By Lisa Han. University of Minnesota Press, 2024.
Green energy technologies such as windmills, solar panels, and electric vehicles may soon depend on material found at the seabed. How did a space once imagined to be empty and unfathomable come to be thought of as a treasure trove of resources? Set against the backdrop of climate change, energy transition, and the expansion of industrial offshore extractions, Deepwater Alchemy looks at the role that oceanic media have played in representing the seafloor as a space of potential profits. From high-tech simulations to laboratories and archives that collect and analyze sediments, Han explores the media technologies that survey, visualize, and condition the possibility for industrial resource extraction, introducing the concept of extractive mediation to describe the conflations between resource prospecting and undersea knowledge production.
The book puts interventions from environmental media studies, digital media history, and the blue (ocean) humanities in conversation with fields such as marine biology, oceanography, ocean engineering, and nautical archaeology, tracing networks of meaning and translation across different realms of ocean observation and relation. Moving away from anthropocentric and colonial notions of frontier conquest and occupation, she argues that we must equalize access to deep ocean mediation and include the submerged perspectives of multispecies communities. From the proliferation of petroleum seismology to environmental-impact research on seabed mining to the development of internet-enabled seafloor observatories, Deepwater Alchemy shows us that deepwater mediation is entangled in existential hopes and fears for our planetary future. As the ocean bottom becomes increasingly accessible to people, Han prompts us to ask not whether we can tame the seafloor, but, rather, why and for whom are we taming it?

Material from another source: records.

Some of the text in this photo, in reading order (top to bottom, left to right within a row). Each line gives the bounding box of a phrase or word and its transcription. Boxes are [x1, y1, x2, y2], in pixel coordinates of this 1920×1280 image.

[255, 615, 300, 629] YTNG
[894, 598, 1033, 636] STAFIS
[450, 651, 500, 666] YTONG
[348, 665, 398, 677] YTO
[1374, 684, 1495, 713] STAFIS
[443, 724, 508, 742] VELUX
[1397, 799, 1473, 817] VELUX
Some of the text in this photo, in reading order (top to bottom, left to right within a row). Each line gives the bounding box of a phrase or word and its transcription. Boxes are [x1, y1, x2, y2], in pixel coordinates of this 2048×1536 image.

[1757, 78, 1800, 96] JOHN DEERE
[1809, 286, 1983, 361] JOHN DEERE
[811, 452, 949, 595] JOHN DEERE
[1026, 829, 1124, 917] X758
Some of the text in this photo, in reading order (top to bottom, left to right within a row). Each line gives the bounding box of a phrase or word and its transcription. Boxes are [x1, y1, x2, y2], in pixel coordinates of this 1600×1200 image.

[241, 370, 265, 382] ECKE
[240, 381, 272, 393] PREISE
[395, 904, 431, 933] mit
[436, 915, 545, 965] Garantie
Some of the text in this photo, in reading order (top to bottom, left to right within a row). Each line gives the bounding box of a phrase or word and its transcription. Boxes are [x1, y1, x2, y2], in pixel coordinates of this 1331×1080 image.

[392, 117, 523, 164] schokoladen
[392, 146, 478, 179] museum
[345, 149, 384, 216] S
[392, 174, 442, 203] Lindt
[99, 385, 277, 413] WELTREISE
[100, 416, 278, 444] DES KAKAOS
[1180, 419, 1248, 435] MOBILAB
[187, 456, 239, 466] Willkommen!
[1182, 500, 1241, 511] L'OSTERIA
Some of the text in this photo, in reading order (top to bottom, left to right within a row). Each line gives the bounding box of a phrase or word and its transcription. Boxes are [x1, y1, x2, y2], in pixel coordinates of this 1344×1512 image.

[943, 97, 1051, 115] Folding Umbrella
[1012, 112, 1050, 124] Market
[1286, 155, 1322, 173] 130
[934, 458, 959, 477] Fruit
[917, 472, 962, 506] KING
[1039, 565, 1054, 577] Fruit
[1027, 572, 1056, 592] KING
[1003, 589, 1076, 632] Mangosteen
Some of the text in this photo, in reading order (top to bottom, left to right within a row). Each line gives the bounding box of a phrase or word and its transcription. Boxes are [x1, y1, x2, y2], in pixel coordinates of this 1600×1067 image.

Lisa Yin Han is an Assistant Professor of Media Studies at Pitzer College, in the Claremont Colleges Intercollegiate Media Studies Field Group. She has previously worked as an Assistant Professor of Media Studies at Arizona State University and received her PhD in Film and Media Studies from UC Santa Barbara. Situated at the intersections of environmental media studies, critical ocean studies, and science and technology studies, Lisa’s work attends to social, environmental, and technological histories of media infrastructure. Her book, Deepwater Alchemy: Extractive Mediation and the Taming of the Seafloor (University of Minnesota Press, 2024), examines how media operations in deep ocean environments pave the way for extractive industries. Lisa has also published work on environmental and digital media in journals such as Configurations, Media + Environment, Communication, Culture & Critique, and Contraception.